[Dataset records]:
______

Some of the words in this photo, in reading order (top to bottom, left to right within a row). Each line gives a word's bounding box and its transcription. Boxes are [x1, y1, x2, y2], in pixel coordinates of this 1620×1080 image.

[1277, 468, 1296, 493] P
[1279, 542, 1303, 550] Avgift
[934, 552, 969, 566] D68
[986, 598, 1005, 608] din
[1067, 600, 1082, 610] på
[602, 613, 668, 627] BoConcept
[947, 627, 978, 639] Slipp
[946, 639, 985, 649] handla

______

[Prompt]: Please print each entry once more, exactly as it reads.

[Output for this task]:
Some of the words in this photo, in reading order (top to bottom, left to right within a row). Each line gives a word's bounding box and its transcription. Boxes are [x1, y1, x2, y2], in pixel coordinates of this 1620×1080 image.

[1277, 468, 1296, 493] P
[1279, 542, 1303, 550] Avgift
[934, 552, 969, 566] D68
[986, 598, 1005, 608] din
[1067, 600, 1082, 610] på
[602, 613, 668, 627] BoConcept
[947, 627, 978, 639] Slipp
[946, 639, 985, 649] handla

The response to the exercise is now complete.